* **Instructions to follow**
Below are records to repeat exactly; copy them without the pictures.

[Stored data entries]
*** Begin section ***
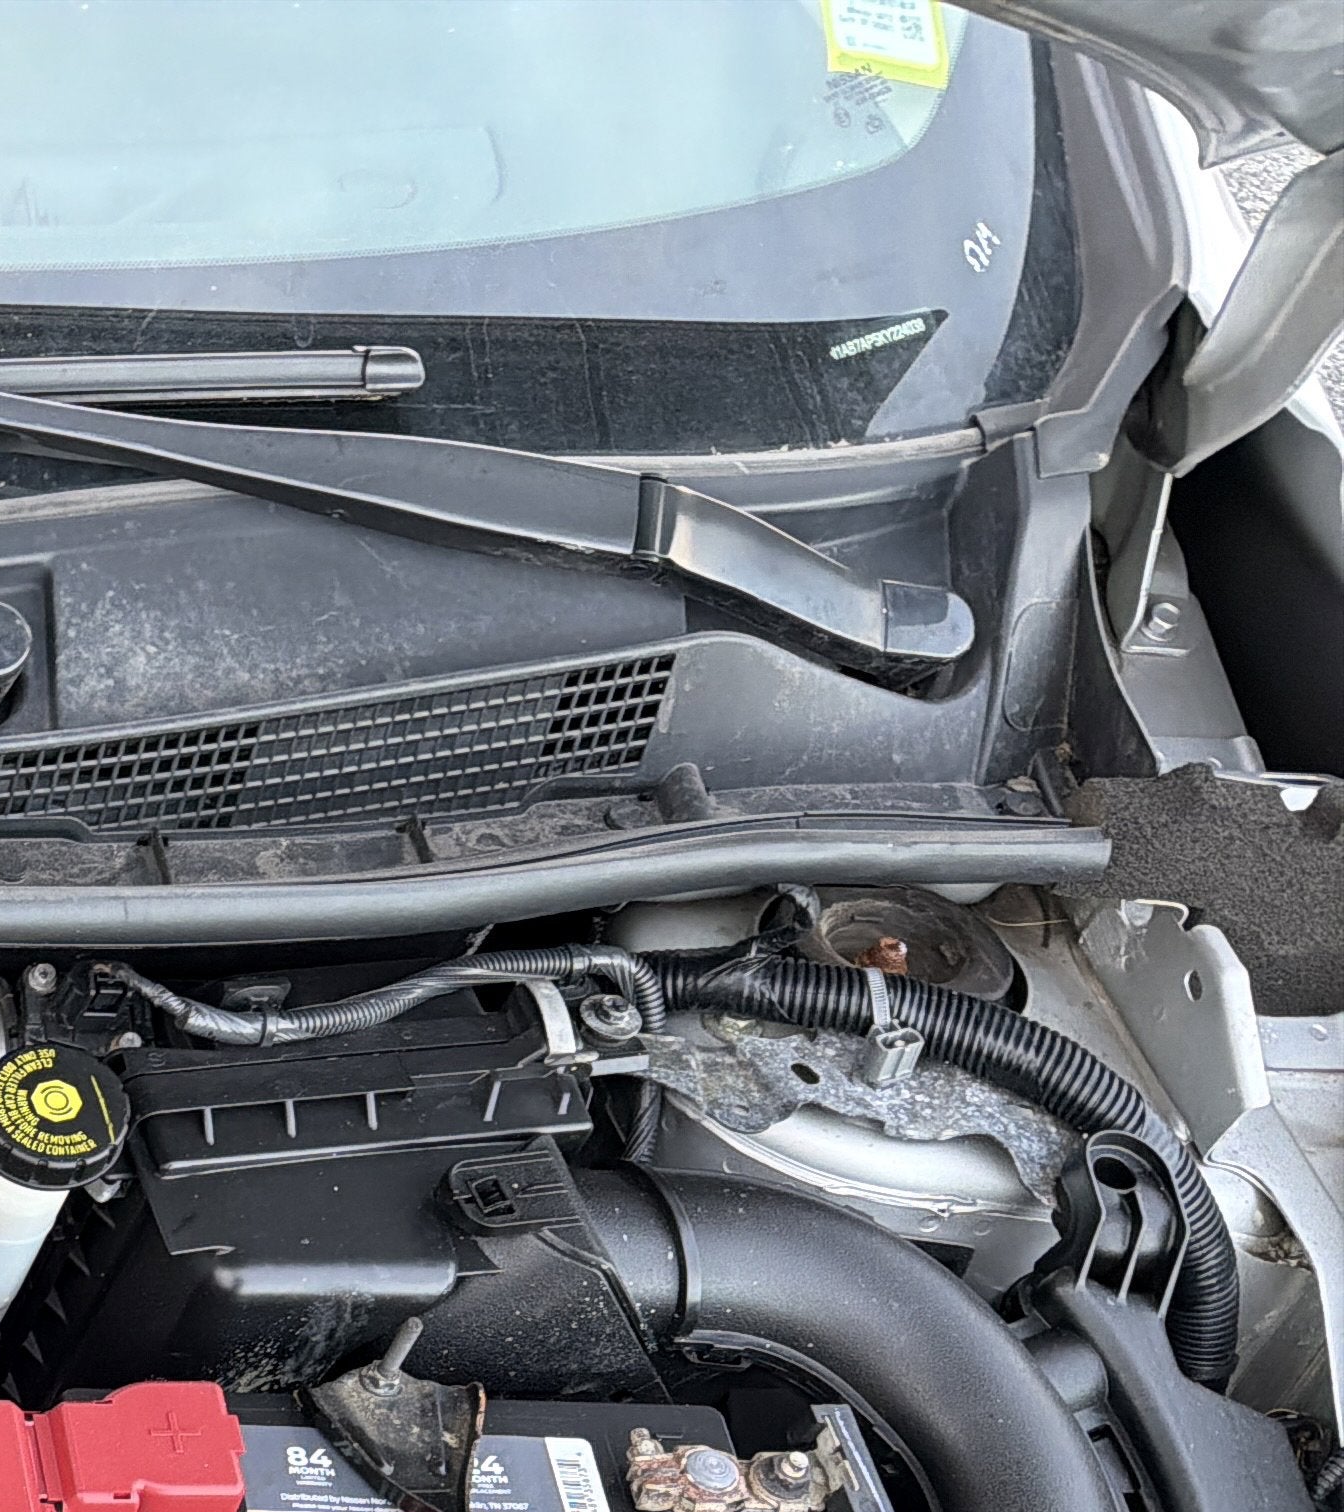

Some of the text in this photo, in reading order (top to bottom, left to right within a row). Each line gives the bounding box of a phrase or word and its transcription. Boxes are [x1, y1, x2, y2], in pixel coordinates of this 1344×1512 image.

[39, 1049, 56, 1058] USE
[4, 1058, 88, 1145] CLEAN FILLER CAP BEFORE REMOVING
[17, 1090, 40, 1126] WARNING
[12, 1128, 45, 1153] SEALED
[46, 1139, 98, 1156] CONTAINER
[286, 1446, 333, 1468] 84
[288, 1467, 336, 1477] MONTH
[472, 1475, 509, 1484] ONTH
[280, 1492, 328, 1502] Distributed
[329, 1494, 340, 1505] by
[341, 1495, 370, 1505] Nissan
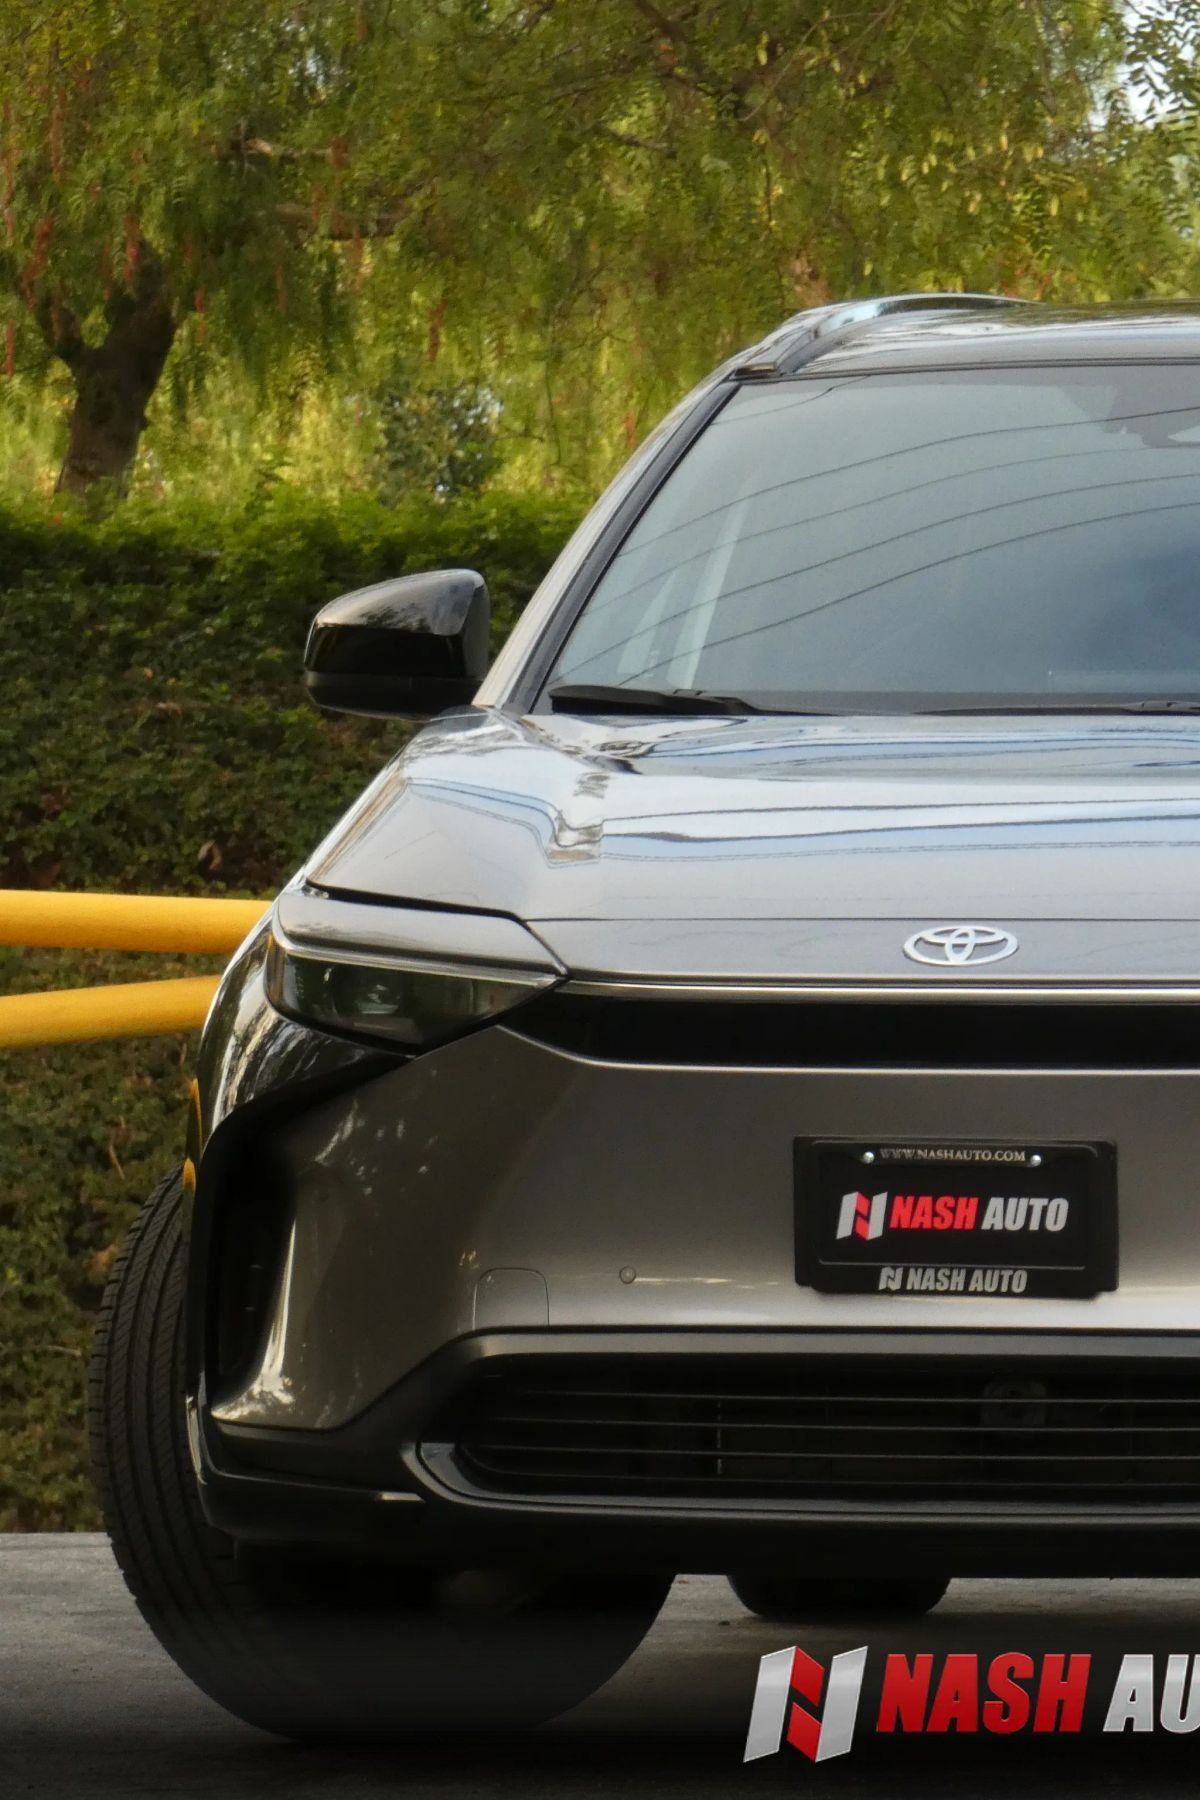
*** End section ***
* **Reply to the task**
Some of the text in this photo, in reading order (top to bottom, left to right within a row). Each line gives the bounding box of a phrase or word and its transcription. Boxes are [x1, y1, x2, y2], in pixel coordinates of this 1344×1512 image.

[39, 1049, 56, 1058] USE
[4, 1058, 88, 1145] CLEAN FILLER CAP BEFORE REMOVING
[17, 1090, 40, 1126] WARNING
[12, 1128, 45, 1153] SEALED
[46, 1139, 98, 1156] CONTAINER
[286, 1446, 333, 1468] 84
[288, 1467, 336, 1477] MONTH
[472, 1475, 509, 1484] ONTH
[280, 1492, 328, 1502] Distributed
[329, 1494, 340, 1505] by
[341, 1495, 370, 1505] Nissan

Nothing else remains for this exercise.